### WORK INSTRUCTION
What are the lines, copied exactly, from the one containing "this 1717×1251 image." through the last line of the records below, both included?

MATERIAL PROVIDED START

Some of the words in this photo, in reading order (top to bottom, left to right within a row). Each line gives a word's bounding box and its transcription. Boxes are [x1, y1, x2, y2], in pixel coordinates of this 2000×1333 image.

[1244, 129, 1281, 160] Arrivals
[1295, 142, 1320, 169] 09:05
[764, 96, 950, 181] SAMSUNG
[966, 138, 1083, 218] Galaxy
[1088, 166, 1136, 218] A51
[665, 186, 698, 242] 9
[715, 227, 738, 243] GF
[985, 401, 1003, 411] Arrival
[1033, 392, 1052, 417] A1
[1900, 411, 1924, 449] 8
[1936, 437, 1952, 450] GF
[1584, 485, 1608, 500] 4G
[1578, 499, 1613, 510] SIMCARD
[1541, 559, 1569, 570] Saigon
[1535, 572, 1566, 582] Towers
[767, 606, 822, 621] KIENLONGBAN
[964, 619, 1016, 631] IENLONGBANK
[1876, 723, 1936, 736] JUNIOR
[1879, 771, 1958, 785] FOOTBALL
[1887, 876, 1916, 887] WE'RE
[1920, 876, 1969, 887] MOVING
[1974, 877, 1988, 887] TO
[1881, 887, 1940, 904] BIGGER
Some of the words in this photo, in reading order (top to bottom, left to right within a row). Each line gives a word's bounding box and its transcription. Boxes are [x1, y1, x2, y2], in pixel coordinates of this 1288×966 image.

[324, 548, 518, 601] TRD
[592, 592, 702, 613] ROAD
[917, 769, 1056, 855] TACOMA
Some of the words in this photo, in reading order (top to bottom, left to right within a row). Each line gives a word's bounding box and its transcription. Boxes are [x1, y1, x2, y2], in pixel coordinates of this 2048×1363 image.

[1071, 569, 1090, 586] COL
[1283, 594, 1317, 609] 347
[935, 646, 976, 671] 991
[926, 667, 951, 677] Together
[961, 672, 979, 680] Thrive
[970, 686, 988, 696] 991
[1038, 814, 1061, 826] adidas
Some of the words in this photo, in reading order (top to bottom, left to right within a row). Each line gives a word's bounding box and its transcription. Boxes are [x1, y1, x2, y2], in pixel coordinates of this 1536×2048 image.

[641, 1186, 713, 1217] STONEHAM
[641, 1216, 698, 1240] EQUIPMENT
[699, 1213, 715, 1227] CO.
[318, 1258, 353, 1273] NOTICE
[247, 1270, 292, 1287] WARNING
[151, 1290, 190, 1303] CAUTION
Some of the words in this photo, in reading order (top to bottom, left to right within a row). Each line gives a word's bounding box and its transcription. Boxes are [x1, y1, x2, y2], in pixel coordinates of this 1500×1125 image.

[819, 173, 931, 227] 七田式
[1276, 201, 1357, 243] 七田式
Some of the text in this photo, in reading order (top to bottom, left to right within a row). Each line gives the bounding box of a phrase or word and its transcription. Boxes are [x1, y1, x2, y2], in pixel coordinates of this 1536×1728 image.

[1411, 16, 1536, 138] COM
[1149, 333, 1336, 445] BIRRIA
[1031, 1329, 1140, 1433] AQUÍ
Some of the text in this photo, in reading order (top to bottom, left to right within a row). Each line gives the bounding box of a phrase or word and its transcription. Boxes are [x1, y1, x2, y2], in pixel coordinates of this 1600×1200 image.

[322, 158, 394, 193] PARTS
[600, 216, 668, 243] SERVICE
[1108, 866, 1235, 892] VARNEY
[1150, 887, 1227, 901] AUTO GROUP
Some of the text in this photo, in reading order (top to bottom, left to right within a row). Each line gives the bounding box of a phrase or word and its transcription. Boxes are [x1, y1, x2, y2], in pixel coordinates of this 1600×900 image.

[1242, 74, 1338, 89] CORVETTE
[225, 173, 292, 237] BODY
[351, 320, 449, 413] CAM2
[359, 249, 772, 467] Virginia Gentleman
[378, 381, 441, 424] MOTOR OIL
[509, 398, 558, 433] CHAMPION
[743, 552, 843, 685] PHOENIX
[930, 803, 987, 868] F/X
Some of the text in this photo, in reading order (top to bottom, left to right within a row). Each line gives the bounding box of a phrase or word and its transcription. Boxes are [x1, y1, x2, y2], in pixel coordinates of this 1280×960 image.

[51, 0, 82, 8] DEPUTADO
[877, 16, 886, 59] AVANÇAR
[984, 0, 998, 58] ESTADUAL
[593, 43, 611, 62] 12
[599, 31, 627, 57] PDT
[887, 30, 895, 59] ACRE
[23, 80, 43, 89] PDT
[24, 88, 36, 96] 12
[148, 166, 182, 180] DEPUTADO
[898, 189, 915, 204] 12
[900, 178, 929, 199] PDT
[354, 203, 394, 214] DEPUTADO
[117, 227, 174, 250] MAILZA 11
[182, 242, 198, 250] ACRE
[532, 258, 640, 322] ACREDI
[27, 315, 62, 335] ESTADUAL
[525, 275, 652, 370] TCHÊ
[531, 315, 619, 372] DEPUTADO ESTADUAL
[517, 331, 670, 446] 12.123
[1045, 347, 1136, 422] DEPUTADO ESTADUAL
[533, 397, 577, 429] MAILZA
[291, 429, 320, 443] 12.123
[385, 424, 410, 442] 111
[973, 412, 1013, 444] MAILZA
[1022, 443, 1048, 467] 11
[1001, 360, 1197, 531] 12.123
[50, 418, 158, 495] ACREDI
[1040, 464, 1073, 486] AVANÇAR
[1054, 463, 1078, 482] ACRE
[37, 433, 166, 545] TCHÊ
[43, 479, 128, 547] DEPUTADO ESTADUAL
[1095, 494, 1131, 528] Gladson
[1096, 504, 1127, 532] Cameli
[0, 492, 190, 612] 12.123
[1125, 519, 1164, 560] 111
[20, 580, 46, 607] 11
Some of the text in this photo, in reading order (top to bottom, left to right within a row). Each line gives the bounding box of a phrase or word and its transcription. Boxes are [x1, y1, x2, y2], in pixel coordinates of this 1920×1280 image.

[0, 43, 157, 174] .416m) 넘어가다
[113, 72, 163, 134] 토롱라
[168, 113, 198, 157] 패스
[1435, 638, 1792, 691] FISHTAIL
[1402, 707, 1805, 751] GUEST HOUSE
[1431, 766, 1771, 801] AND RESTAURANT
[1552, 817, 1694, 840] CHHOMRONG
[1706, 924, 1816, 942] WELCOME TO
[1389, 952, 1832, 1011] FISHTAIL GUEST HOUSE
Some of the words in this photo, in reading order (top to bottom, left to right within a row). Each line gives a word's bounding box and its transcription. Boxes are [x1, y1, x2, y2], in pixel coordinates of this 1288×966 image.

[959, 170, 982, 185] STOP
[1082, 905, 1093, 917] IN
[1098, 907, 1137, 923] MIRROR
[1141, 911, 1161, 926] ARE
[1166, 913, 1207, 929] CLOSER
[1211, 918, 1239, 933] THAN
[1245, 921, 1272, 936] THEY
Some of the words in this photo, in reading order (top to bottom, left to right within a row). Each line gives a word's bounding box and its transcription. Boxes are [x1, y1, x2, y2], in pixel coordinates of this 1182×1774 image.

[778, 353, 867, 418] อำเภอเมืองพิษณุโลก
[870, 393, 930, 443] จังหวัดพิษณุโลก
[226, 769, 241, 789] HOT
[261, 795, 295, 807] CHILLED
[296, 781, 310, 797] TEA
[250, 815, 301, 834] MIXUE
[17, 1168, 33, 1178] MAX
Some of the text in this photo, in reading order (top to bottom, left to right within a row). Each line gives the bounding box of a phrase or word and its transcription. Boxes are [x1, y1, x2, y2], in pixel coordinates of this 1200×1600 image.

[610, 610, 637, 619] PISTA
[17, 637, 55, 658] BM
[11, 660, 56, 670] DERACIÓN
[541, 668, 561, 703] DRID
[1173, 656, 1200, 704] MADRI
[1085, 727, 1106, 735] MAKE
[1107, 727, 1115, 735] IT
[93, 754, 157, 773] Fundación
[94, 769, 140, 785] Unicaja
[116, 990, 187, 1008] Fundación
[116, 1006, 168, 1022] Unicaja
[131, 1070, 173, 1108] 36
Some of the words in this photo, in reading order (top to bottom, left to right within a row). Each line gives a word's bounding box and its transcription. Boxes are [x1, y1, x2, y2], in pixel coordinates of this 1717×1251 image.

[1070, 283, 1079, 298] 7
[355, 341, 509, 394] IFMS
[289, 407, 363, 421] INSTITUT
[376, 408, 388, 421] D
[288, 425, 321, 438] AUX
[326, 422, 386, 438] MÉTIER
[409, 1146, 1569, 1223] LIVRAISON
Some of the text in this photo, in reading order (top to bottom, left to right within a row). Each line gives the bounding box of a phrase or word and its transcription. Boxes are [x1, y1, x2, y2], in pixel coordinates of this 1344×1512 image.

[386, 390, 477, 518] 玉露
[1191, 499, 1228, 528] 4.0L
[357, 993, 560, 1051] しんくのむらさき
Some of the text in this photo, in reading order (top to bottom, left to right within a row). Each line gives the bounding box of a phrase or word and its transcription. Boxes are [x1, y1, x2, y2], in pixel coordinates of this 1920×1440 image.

MATERIAL PROVIDED END

### RESULT
Some of the words in this photo, in reading order (top to bottom, left to right within a row). Each line gives a word's bounding box and its transcription. Boxes are [x1, y1, x2, y2], in pixel coordinates of this 1717×1251 image.

[1070, 283, 1079, 298] 7
[355, 341, 509, 394] IFMS
[289, 407, 363, 421] INSTITUT
[376, 408, 388, 421] D
[288, 425, 321, 438] AUX
[326, 422, 386, 438] MÉTIER
[409, 1146, 1569, 1223] LIVRAISON
Some of the text in this photo, in reading order (top to bottom, left to right within a row). Each line gives the bounding box of a phrase or word and its transcription. Boxes are [x1, y1, x2, y2], in pixel coordinates of this 1344×1512 image.

[386, 390, 477, 518] 玉露
[1191, 499, 1228, 528] 4.0L
[357, 993, 560, 1051] しんくのむらさき
Some of the text in this photo, in reading order (top to bottom, left to right within a row). Each line gives the bounding box of a phrase or word and its transcription. Boxes are [x1, y1, x2, y2], in pixel coordinates of this 1920×1440 image.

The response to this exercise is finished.